So, what's going on with Alibaba Group Holding Limited (BABA)? Well, the Chinese tech giant is doing what everyone else is doing these days: going all-in on artificial intelligence. But it's doing it in a very Alibaba way—unveiling a fancy new model and hiring like crazy, all while its stock price seems to be having a bit of an identity crisis.
Meet Qwen3.5-Omni: Alibaba's New AI Powerhouse
Alibaba's Qwen team just introduced Qwen3.5-Omni, which is basically their latest attempt to build an AI that can do everything. Think of it as a super-smart intern that can read, see, hear, and watch videos. According to reports, this multimodal model can handle a 256K context length—that's a lot of text—and process more than 10 hours of audio or over 400 seconds of 720p video. That's like watching a full movie trailer and then some.
It's also got some serious language skills, with speech recognition in 113 languages and speech generation in 36. New tricks include real-time interaction tools like semantic interruption (so you can cut it off mid-sentence), voice cloning, and voice control, all powered by Alibaba's own ARIA technology. The company says the model racked up 215 state-of-the-art benchmark results and delivers audiovisual performance on par with Alphabet Inc.'s (GOOG) Google Gemini 3.1 Pro, while even outperforming it in general audio tasks. So, not just keeping up, but trying to edge ahead in the audio department.
The Talent War Heats Up
Building this stuff requires people, and Alibaba is on a hiring spree. The company is rapidly expanding its AI recruitment as the global scramble for talent gets more intense. AI-related roles now make up more than 80% of its open positions, up from about 60% last year. That's a big shift, and it spans 16 business units, including Alibaba Cloud and its chip arm, T-Head.
They've even introduced seven new AI-focused roles in their campus recruitment program, including positions tied to agentic AI—which is basically AI that can act more autonomously. This hiring push is part of Alibaba's broader pivot to becoming an AI-first company. Of course, the talent market is a two-way street: recent moves include the departure of Qwen technical lead Lin Junyang and the hiring of former Google researcher Zhou Hao, highlighting the fierce competition for top AI brains.
Meanwhile, the Stock Isn't Exactly Soaring
For all this strategic hustle, Alibaba's stock has been a bit of a laggard. Technically speaking, it's trading 7.1% below its 20-day simple moving average and 20.7% below its 100-day SMA, which keeps the intermediate trend pointed down even after recent bounce attempts. Shares are down 7.75% over the past year and are hanging out closer to their 52-week lows than highs.
The Relative Strength Index (RSI) is at 30.56, which is in neutral territory but just above oversold levels after dipping below 30 back in March. Meanwhile, the MACD is at -6.8342 and below its signal line at -6.7729, a bearish alignment that suggests downside pressure is still winning the tug-of-war. The combo of RSI in the 30–50 range and a bearish MACD points to mixed momentum.
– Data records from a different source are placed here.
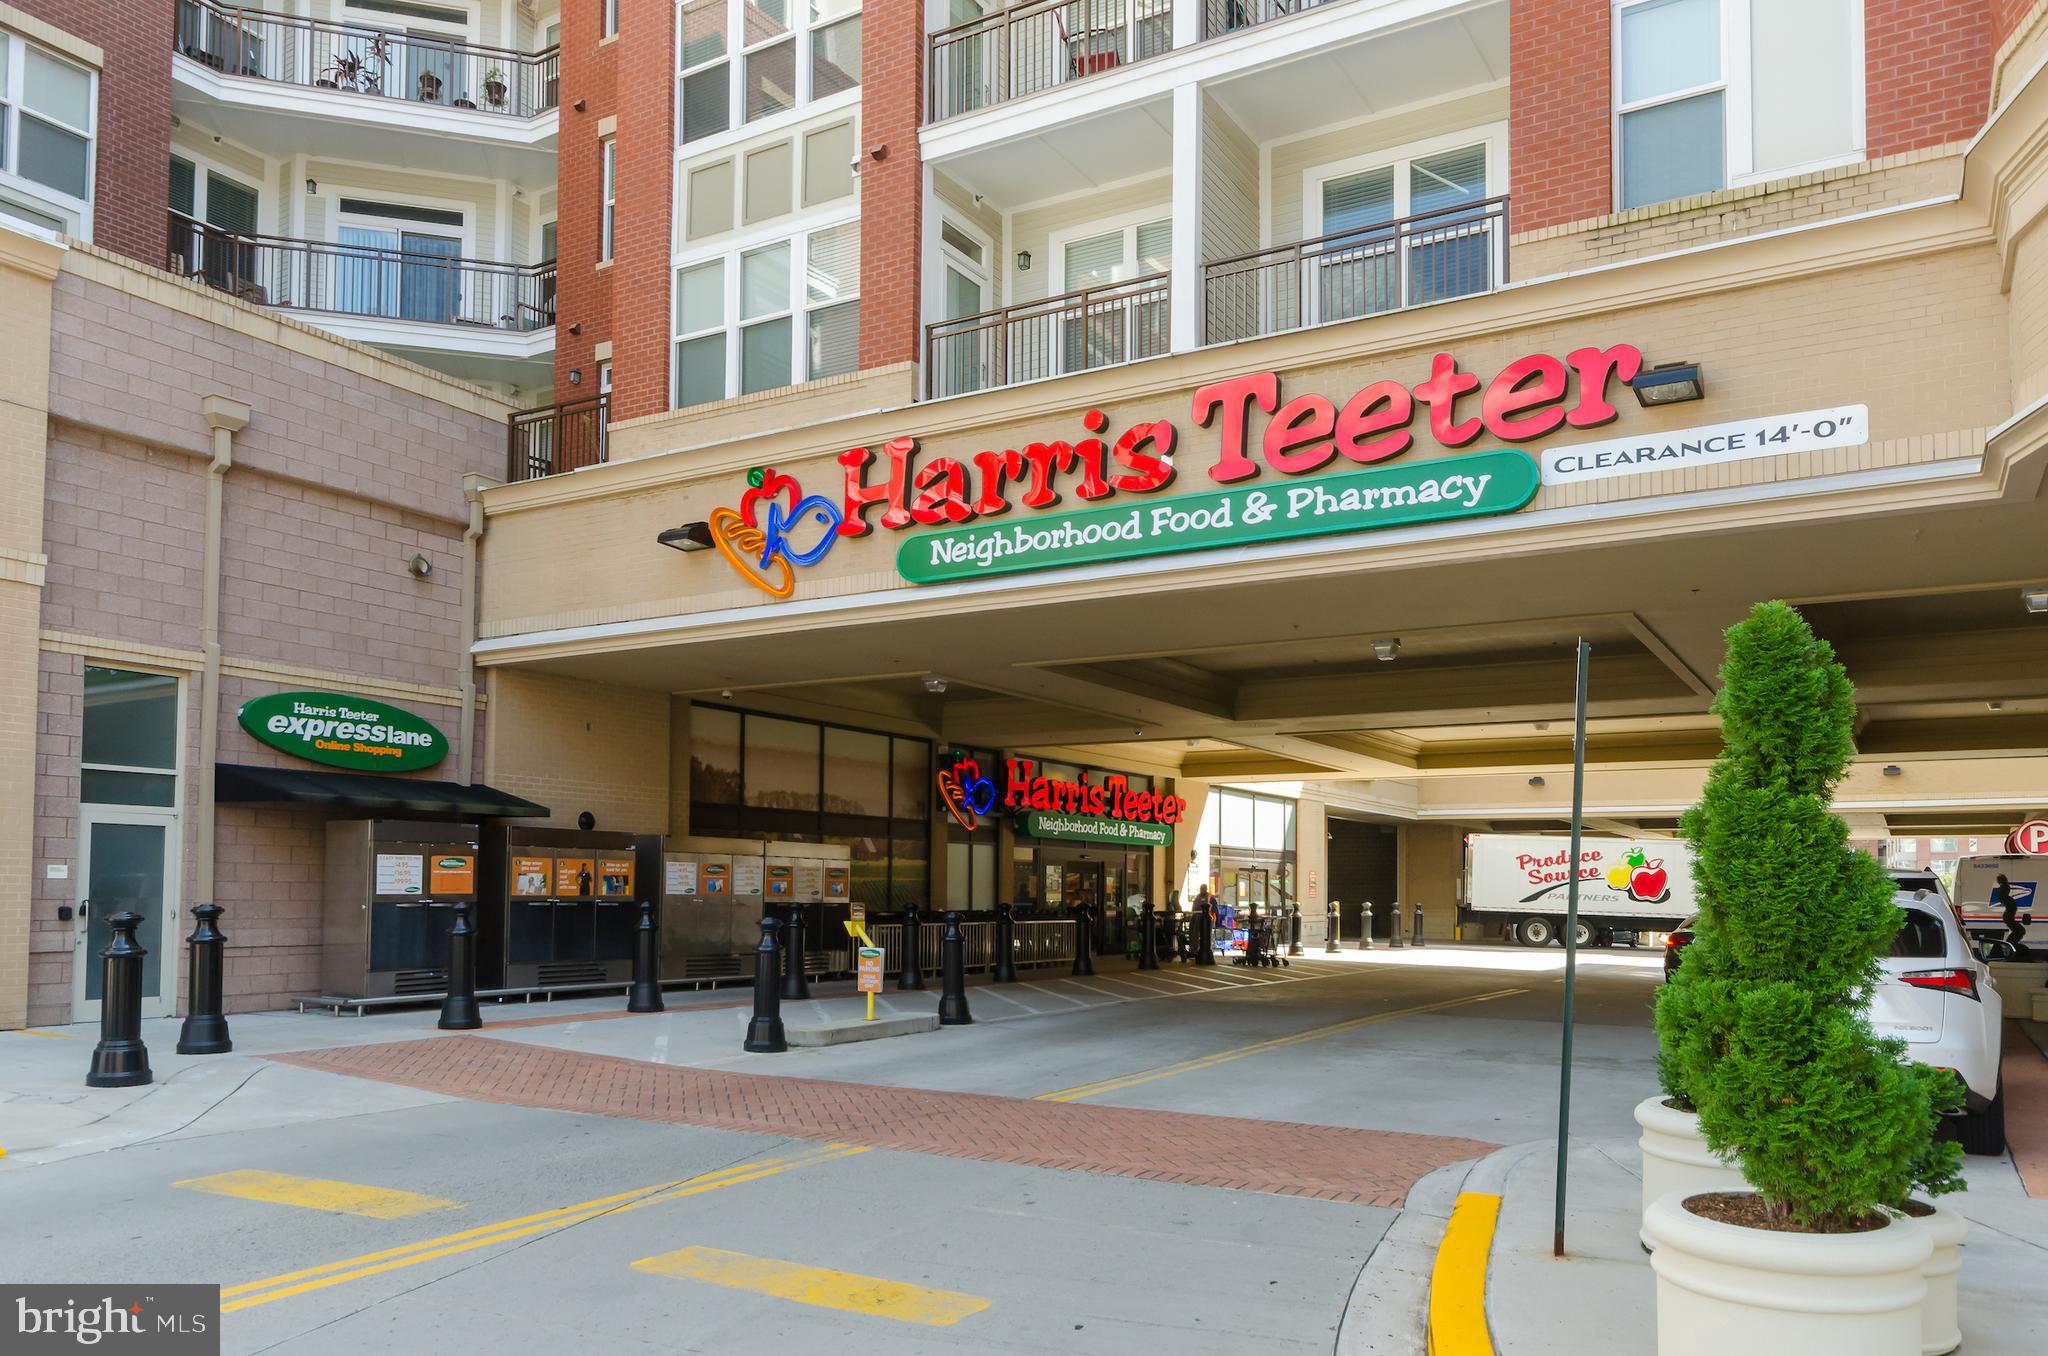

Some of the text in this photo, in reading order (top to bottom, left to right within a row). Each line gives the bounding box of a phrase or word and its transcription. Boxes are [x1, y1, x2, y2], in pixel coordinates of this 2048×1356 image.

[837, 343, 1644, 537] Harris Teeter
[1554, 434, 1747, 475] CLEARANCE
[930, 473, 1492, 568] Neighborhood Food & Pharmacy
[293, 702, 380, 722] Harris Teeter
[267, 714, 433, 747] expresslane
[314, 739, 403, 758] Online Shopping
[1004, 759, 1187, 824] Harris Teeter
[1038, 816, 1166, 842] Neighborhood Food & Pharmacy
[2031, 826, 2048, 852] P
[1528, 867, 1601, 884] Souce
[1547, 892, 1620, 902] PATNERS
Key resistance sits at $139.00, with key support at $121.00.
Earnings and What the Analysts Think
Looking ahead, the next big catalyst for the stock is estimated to be the earnings report on May 14, 2026. The expectations? An EPS estimate of $1.29, down from $1.73 year-over-year, but revenue estimated at $35.35 billion, up from $32.58 billion YoY. The valuation sits at a P/E of 21.8x, which suggests a fair valuation relative to peers.
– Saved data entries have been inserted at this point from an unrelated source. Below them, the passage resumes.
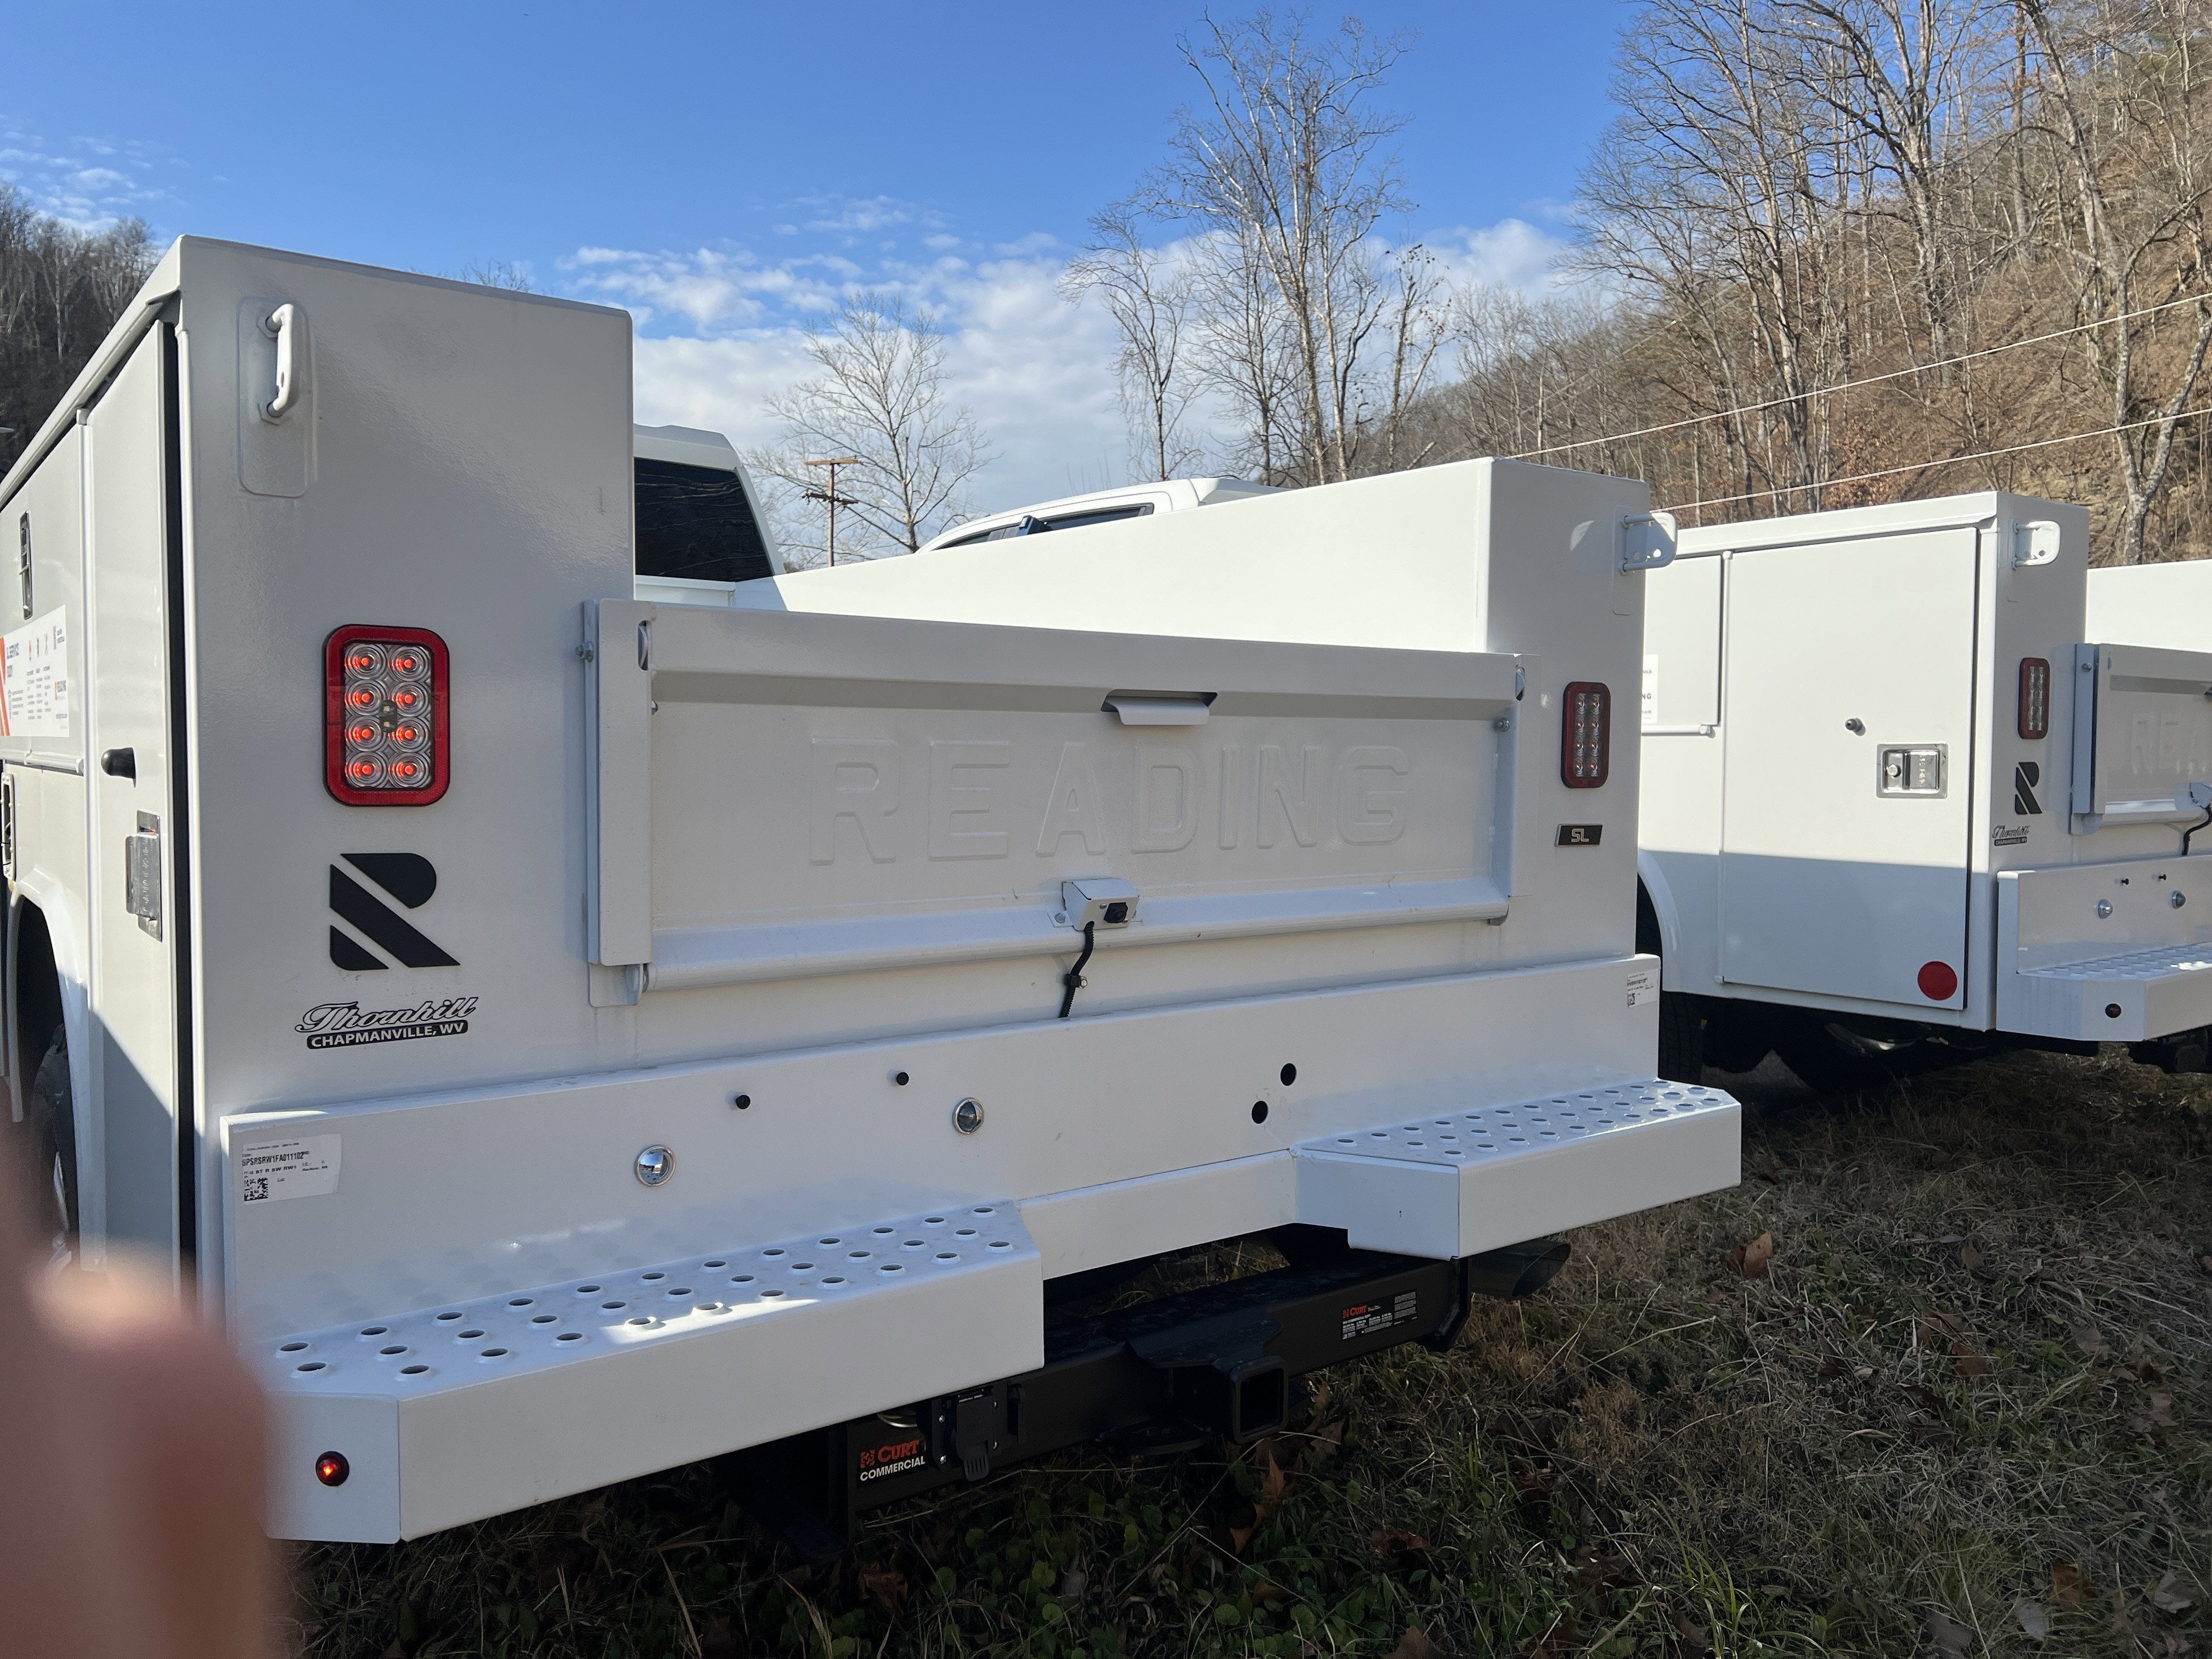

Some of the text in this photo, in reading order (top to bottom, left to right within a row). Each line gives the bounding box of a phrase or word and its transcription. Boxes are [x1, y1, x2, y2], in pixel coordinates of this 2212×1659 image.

[809, 735, 1410, 866] READING
[1571, 828, 1589, 842] SL
[295, 997, 478, 1032] Thornhill
[311, 1022, 465, 1047] CHAPMANVILLE, WV
[878, 1439, 919, 1463] CURT
[860, 1456, 926, 1482] COMMERCIAL
Analysts, for their part, are still mostly bullish. The stock carries a Buy rating with an average price target of $185.07. Recent moves include Susquehanna maintaining a Positive rating but lowering its target to $170.00 on March 26, JP Morgan keeping an Overweight rating while lowering its target to $205.00 on March 20, and Mizuho holding an Outperform rating with a lowered target of $190.00, also on March 20. So, targets are coming down a bit, but the overall sentiment remains positive.
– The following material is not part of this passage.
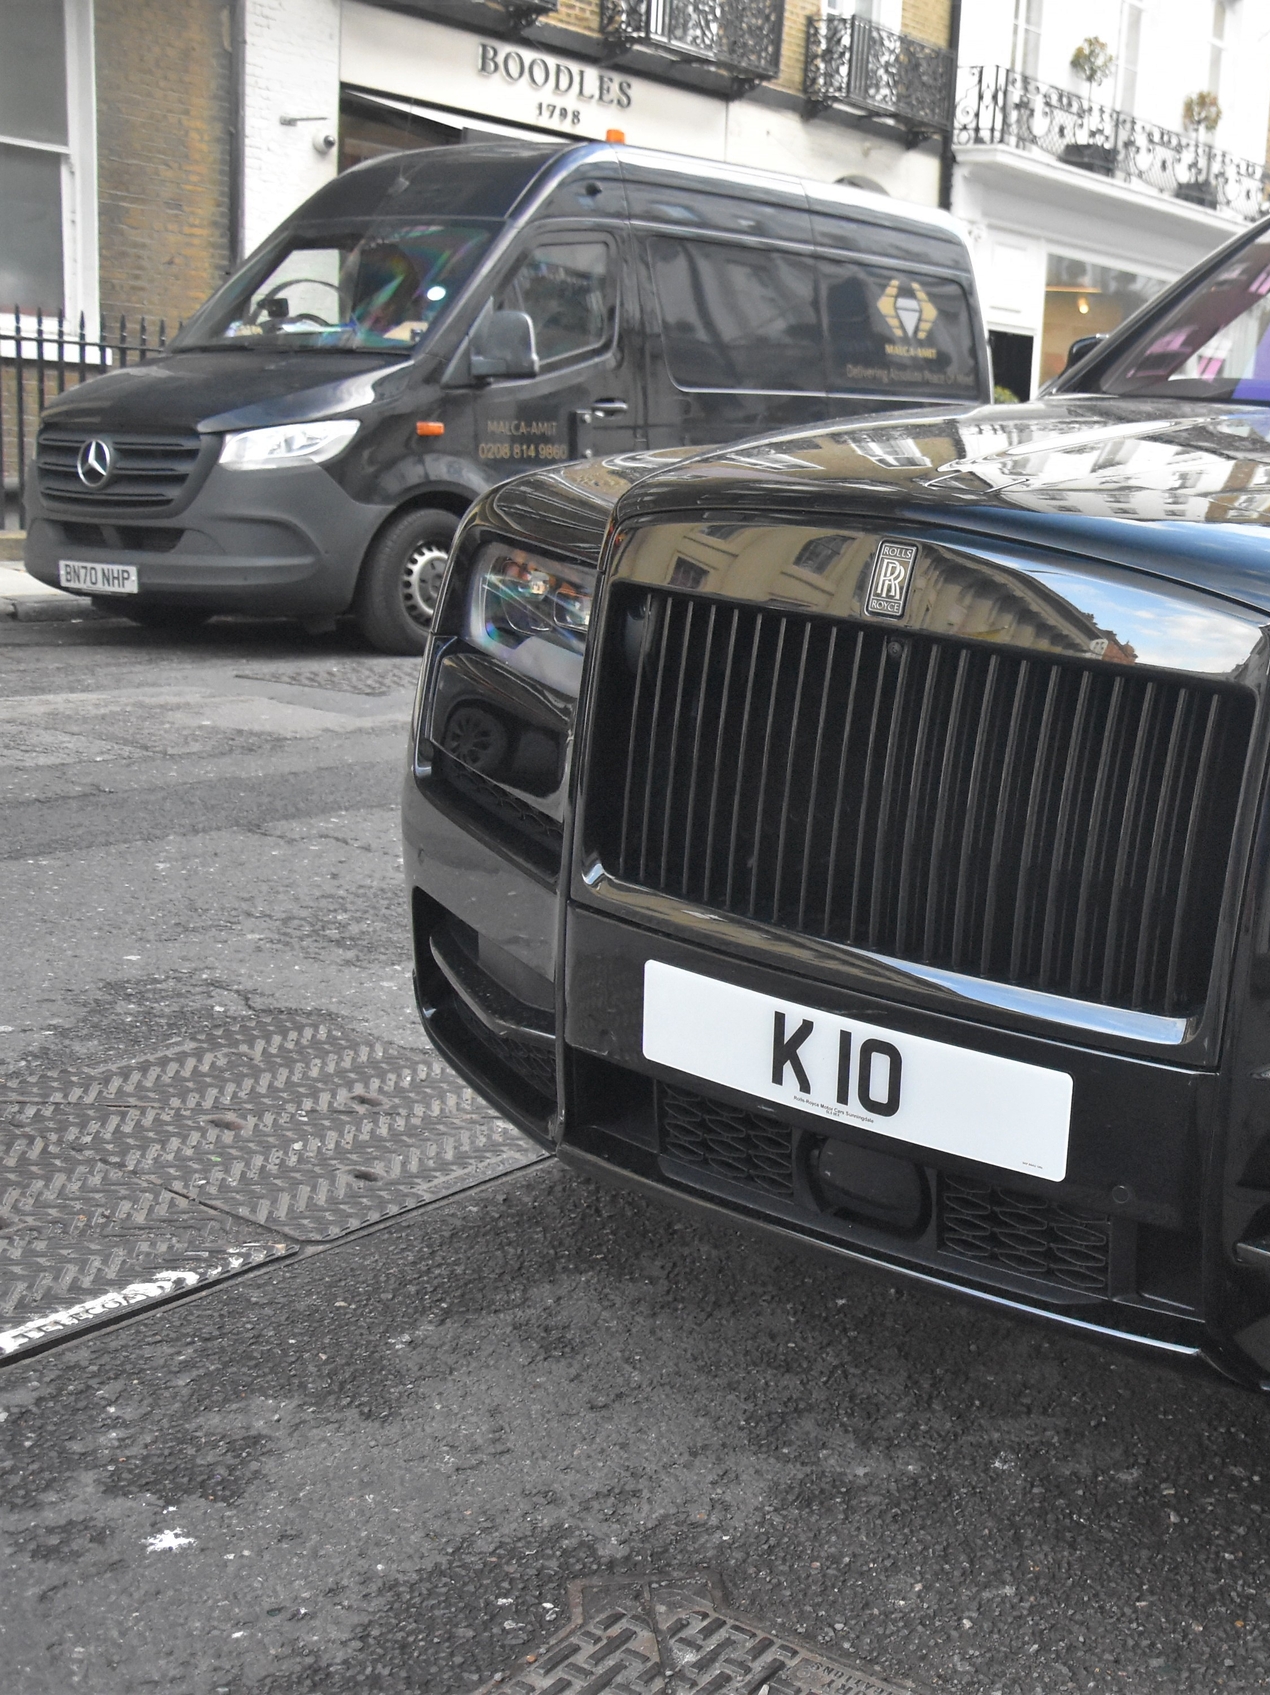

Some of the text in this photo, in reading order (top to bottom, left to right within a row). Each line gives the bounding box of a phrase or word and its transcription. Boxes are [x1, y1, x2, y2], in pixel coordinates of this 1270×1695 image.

ETF Exposure: Why Fund Flows Matter
Alibaba isn't just a standalone stock; it's a piece of several ETFs, which means its price can get pushed around by fund flows. It has a 3.53% weight in the SPDR NYSE Technology ETF (XNTK), a 4.57% weight in the Nomura Focused Emerging Markets Equity ETF (EMEQ), and a 2.57% weight in the Robo Global Artificial Intelligence ETF (THNQ). The significance here is simple: if these funds see significant inflows or outflows, they'll likely trigger automatic buying or selling of Alibaba shares, adding another layer to its price movements.
Price Check
As of Tuesday's premarket trading, Alibaba shares were down 0.66% at $121.17, according to market data. So, while the company is making big bets on AI for the future, the market is still weighing that against the current technical and competitive landscape. It's a classic case of long-term strategy meeting short-term stock market reality.